Advances in Surgical Technique
Since 2001, femtosecond lasers have been used successfully in LASIK (Laser In-Situ Keratomileusis) refractive surgery. This laser replaces a blade that is used to create a corneal flap so that secondary laser ablation can be performed on the eye to correct for the patient’s refractive error. The femtosecond laser has thus contributed to more precise and safer outcomes in LASIK. The use of femtosecond laser in cataract surgery was first explored by Professor Zoltan Nagy in Budapest, Hungary, in 2008. This laser device was made available in Singapore since 2012. The objective was to use a femtosecond laser instead of a blade to make the corneal incision in cataract surgery. The laser can also be used to create a round opening in the anterior lens capsule and to achieve a preliminary fragmentation of the lens nucleus, before proceeding with further fragmentation of the lens by the usual phacoemulsification method. As with any new technology, many studies are being carried out worldwide to evaluate its efficacy, safety and success outcomes. However, cost-effectiveness is still a major issue with this laser device.

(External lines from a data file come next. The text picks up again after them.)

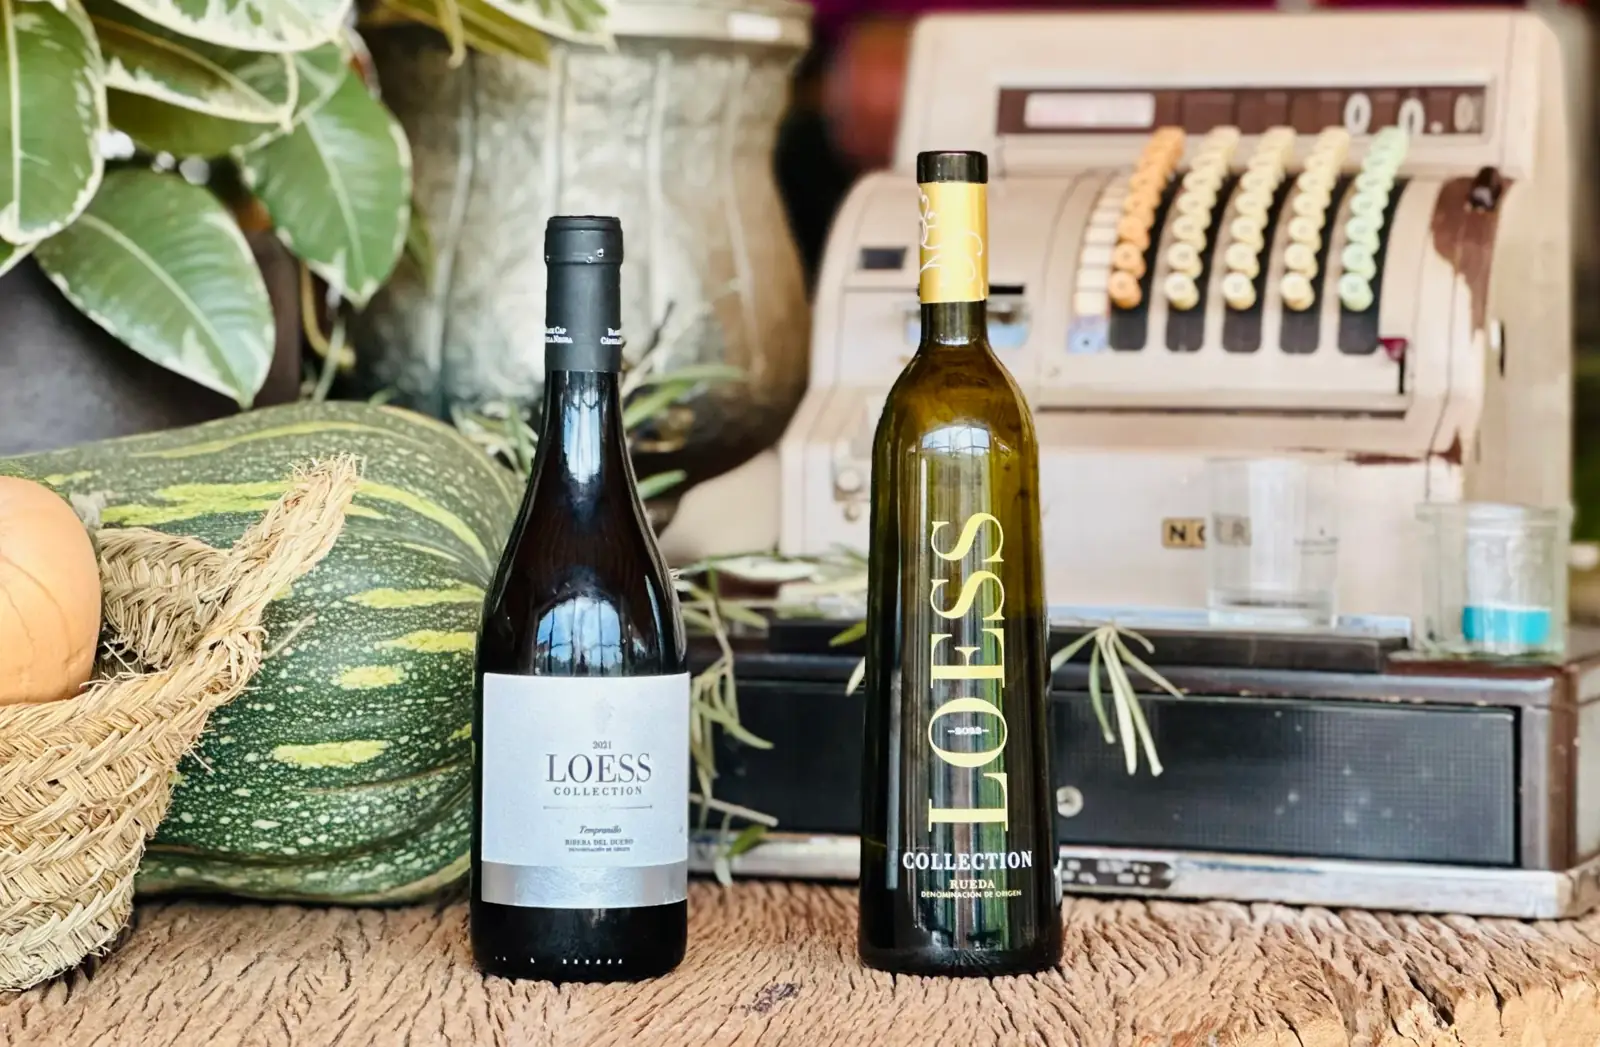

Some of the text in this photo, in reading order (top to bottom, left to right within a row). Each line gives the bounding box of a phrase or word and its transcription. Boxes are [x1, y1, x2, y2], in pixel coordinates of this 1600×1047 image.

[928, 512, 1008, 832] LOESS
[592, 740, 612, 750] 2021
[546, 753, 651, 783] LOESS
[553, 786, 642, 796] COLLECTION
[579, 824, 622, 836] Tempranillo
[902, 850, 1033, 870] COLLECTION
[949, 879, 996, 890] RUEDA
[920, 890, 982, 899] DENOMINACIÓN
[995, 890, 1022, 898] ORIGEN
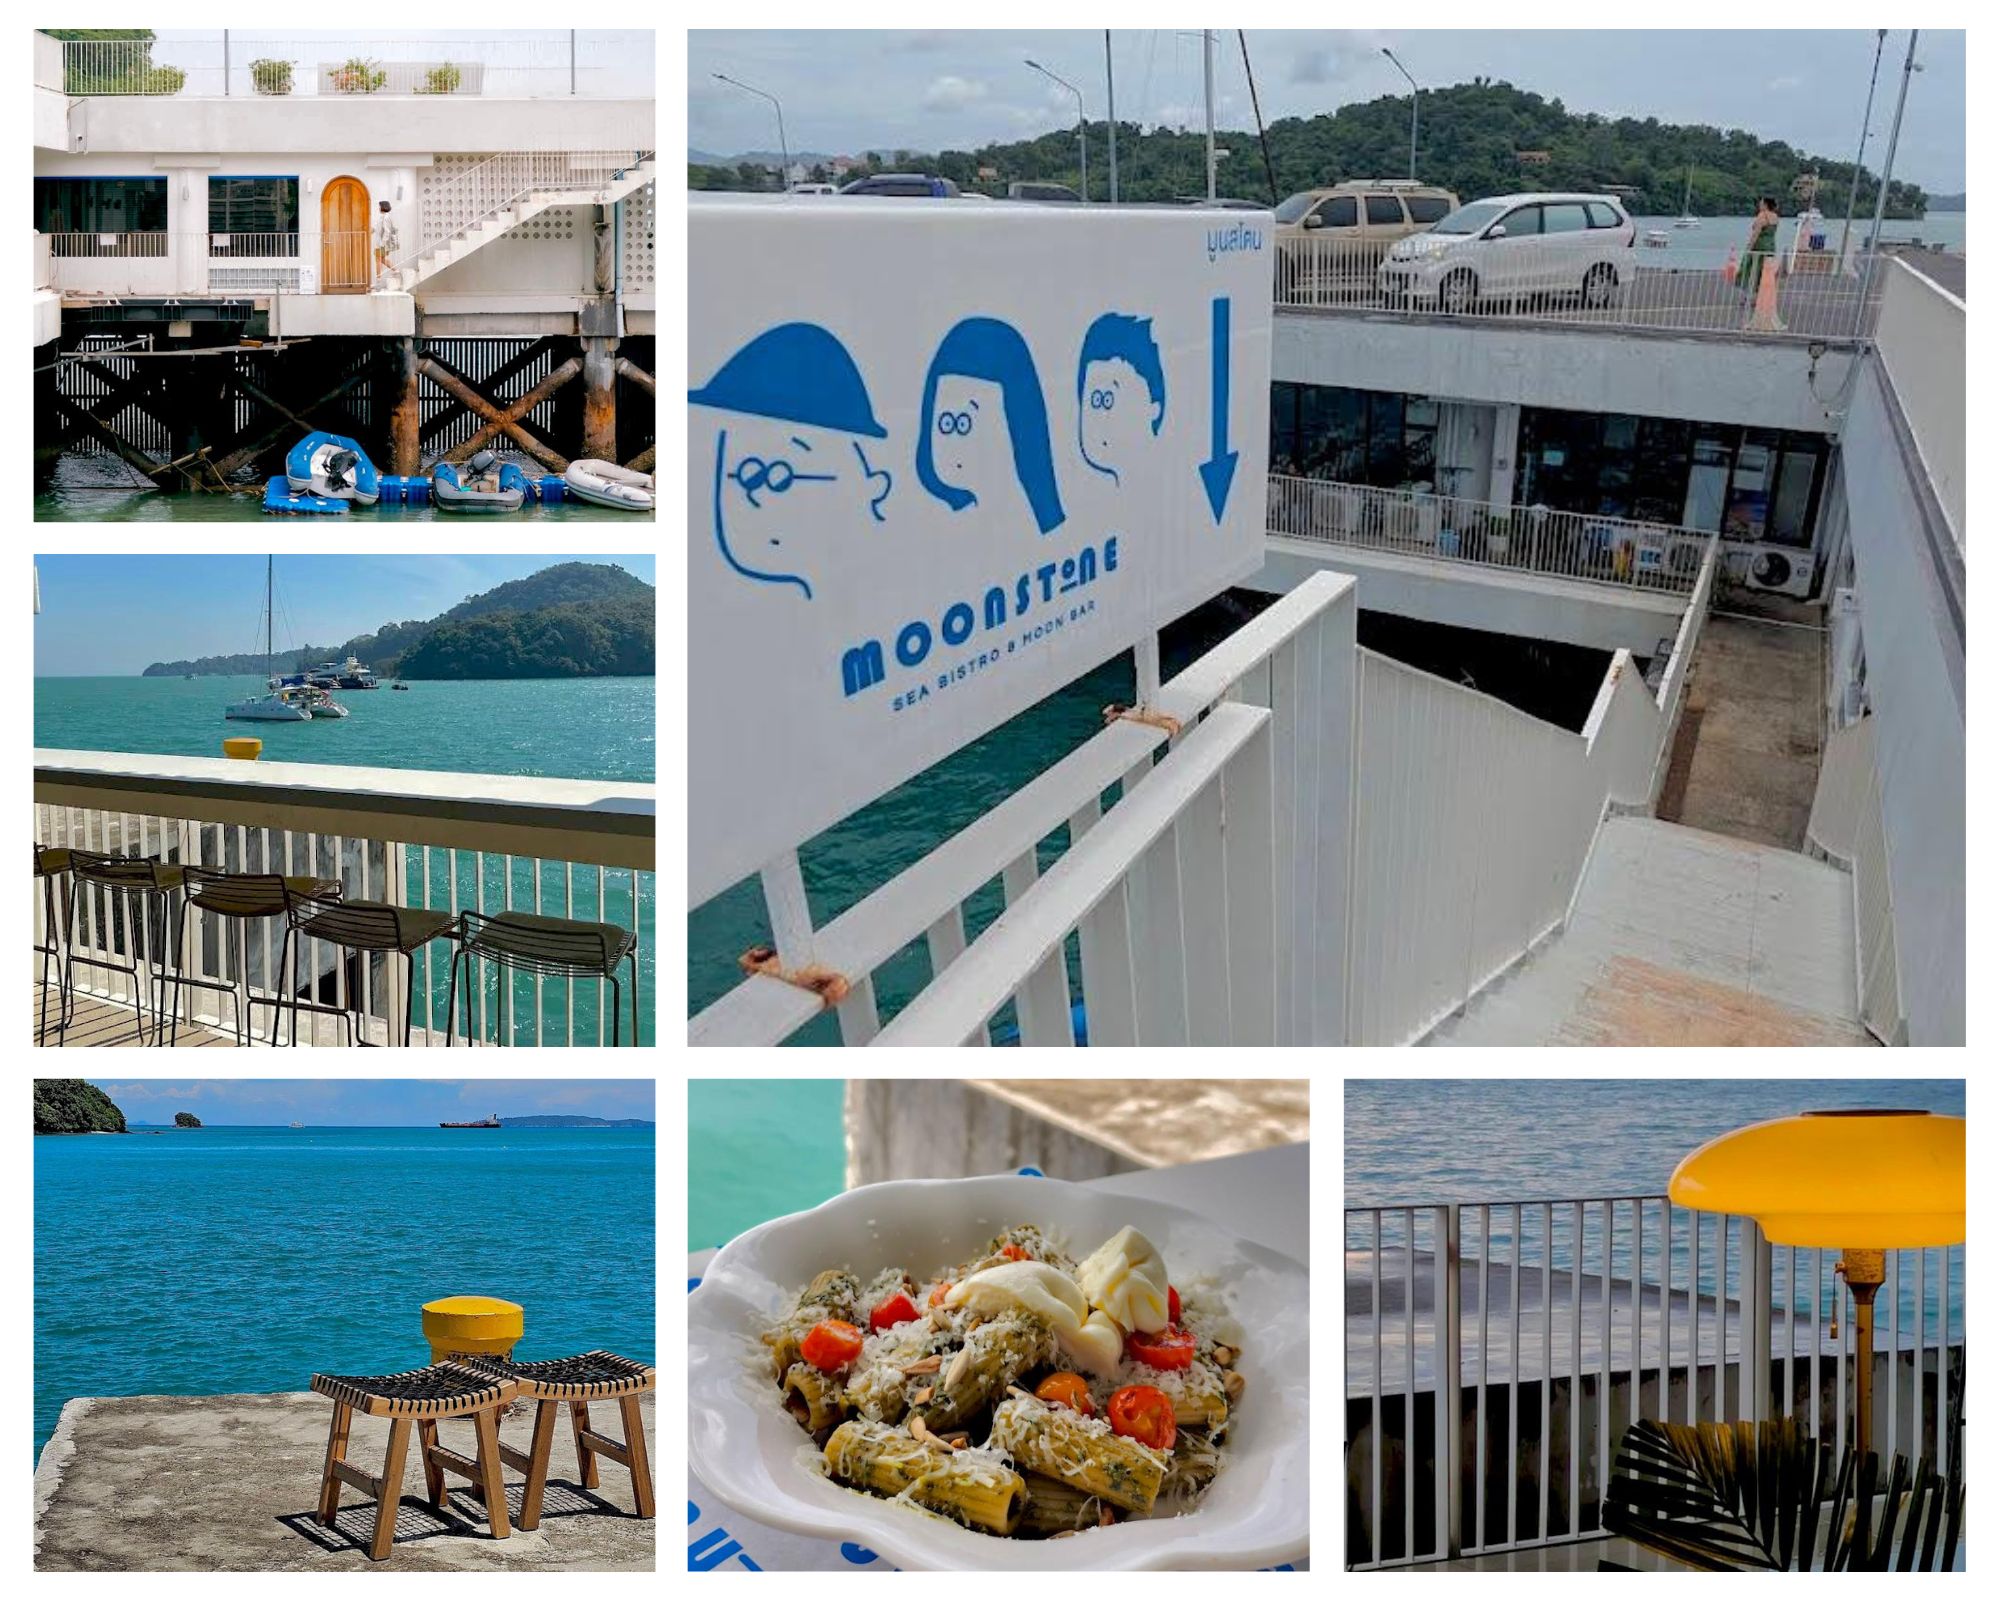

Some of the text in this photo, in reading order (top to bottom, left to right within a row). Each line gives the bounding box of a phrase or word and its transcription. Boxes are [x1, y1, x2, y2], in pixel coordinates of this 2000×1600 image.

[842, 536, 1117, 696] MOONSTONE
[893, 684, 930, 711] SEA
[937, 650, 1000, 689] BISTRO
[1022, 617, 1064, 646] MOON
[1070, 600, 1095, 620] BAR

Huge advances in surgical technique, as well as intraocular lens implant design in the last few decades, have contributed to making cataract surgery today a safe and effective procedure, associated with rapid recovery of vision and little downtime. Majority of patients are able to resume their normal activities by the night of the surgery, and with the appropriate choice of premium intraocular lens implants like multifocal and toric intraocular lens implants, patients can now look forward to greater spectacle independence.